Pris clipped off another leg, restraining the spider with the edge of her hand. She was smiling.

  “Blowups of the video pictures,” a new voice from the TV said, “when subjected to rigorous laboratory scrutiny, reveal that the gray backdrop of sky and daytime moon against which Mercer moves is not only not Terran—it is artificial.”

  “You’re missing it!” Irmgard called anxiously to Pris; she rushed to the kitchen door, saw what Pris had begun doing. “Oh, do that afterward,” she said coaxingly. “This is so important, what they’re saying; it proves that everything we believed—”

  “Be quiet,” Roy Baty said.

  “—is true,” Irmgard finished.

  The TV set continued, “The ‘moon’ is painted; in the enlargements, one of which you see now on your screen, brush strokes show. And there is even some evidence that the scraggly weeds and dismal, sterile soil—perhaps even the stones hurled at Mercer by unseen alleged parties—are equally faked. It is quite possible in fact that the ‘stones’ are made of soft plastic, causing no authentic wounds.”

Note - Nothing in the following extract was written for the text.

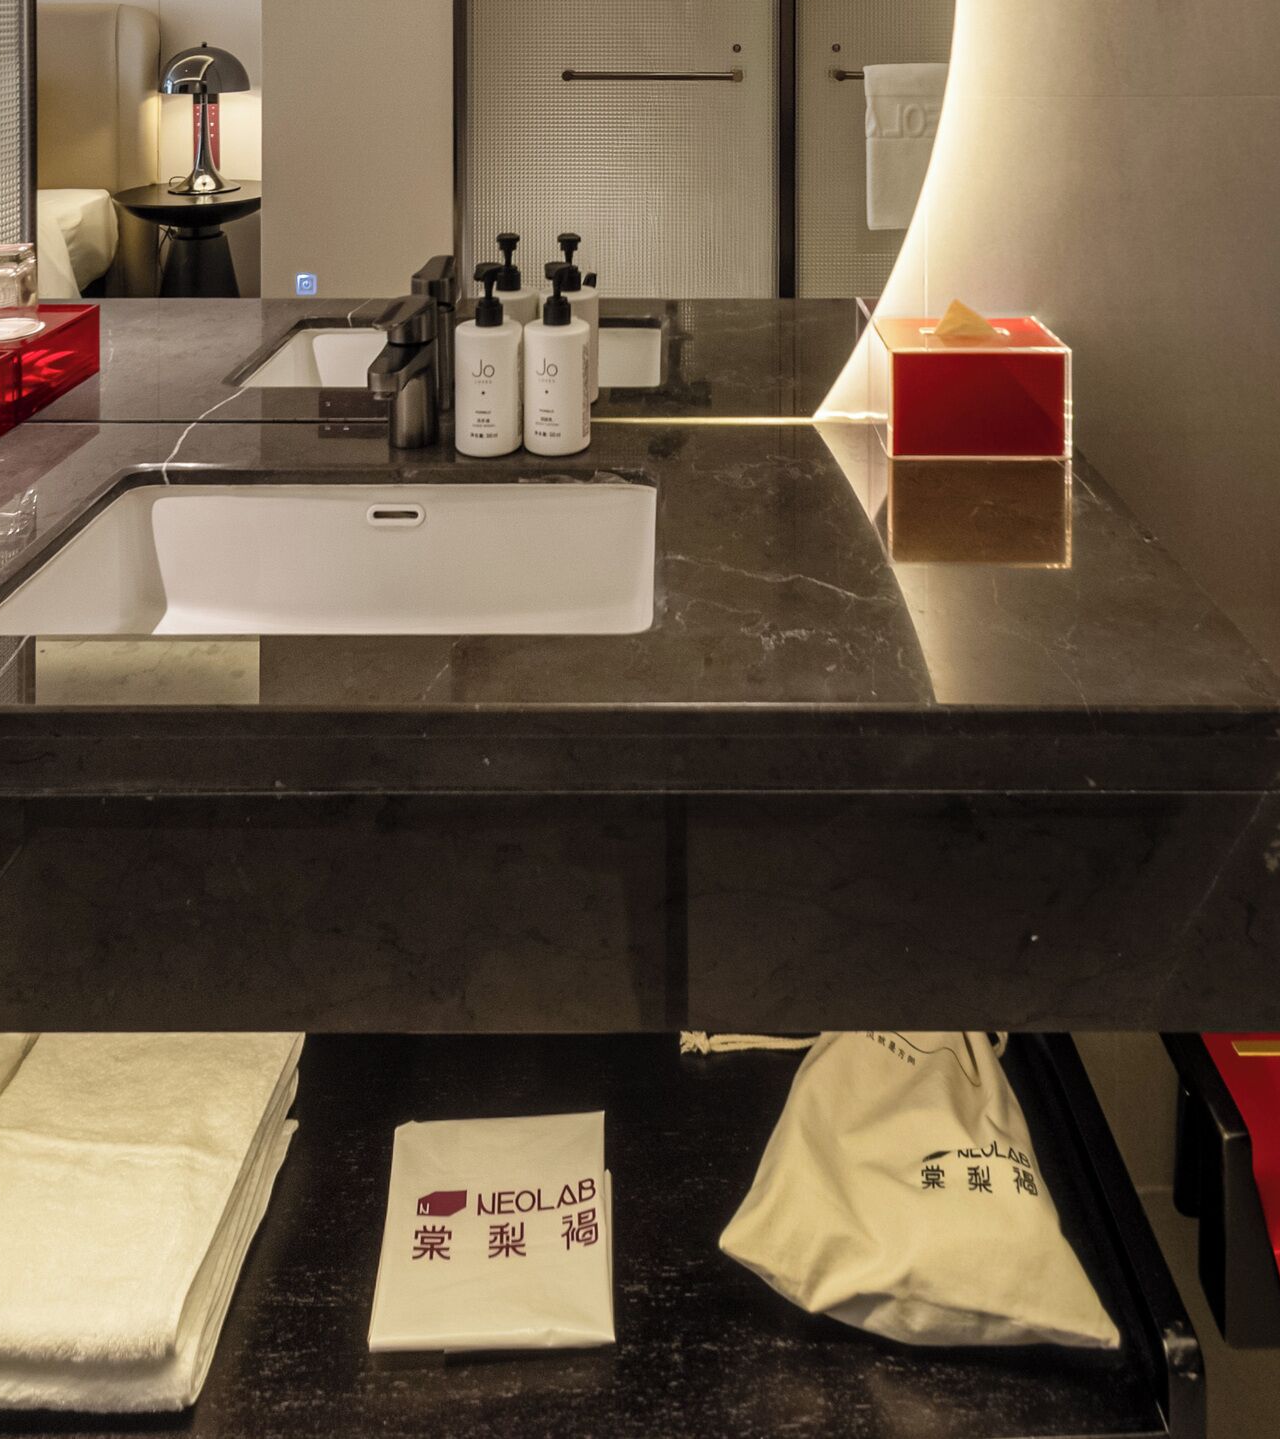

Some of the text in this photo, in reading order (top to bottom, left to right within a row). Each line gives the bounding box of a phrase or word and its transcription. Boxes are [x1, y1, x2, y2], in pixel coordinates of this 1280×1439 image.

  “In other words,” Buster Friendly broke in, “Wilbur Mercer is not suffering at all.”

  The research chief said, “We at last managed, Mr. Friendly, to track down a former Hollywood special-effects man, a Mr. Wade Cortot, who flatly states, from his years of experience, that the figure of ‘Mercer’ could well be merely some bit player marching across a sound stage. Cortot has gone so far as to declare that he recognizes the stage as one used by a now out-of-business minor moviemaker with whom Cortot had various dealings several decades ago.”

  “So according to Cortot,” Buster Friendly said, “there can be virtually no doubt.”

  Pris had now cut three legs from the spider, which crept about miserably on the kitchen table, seeking a way out, a path to freedom. It found none.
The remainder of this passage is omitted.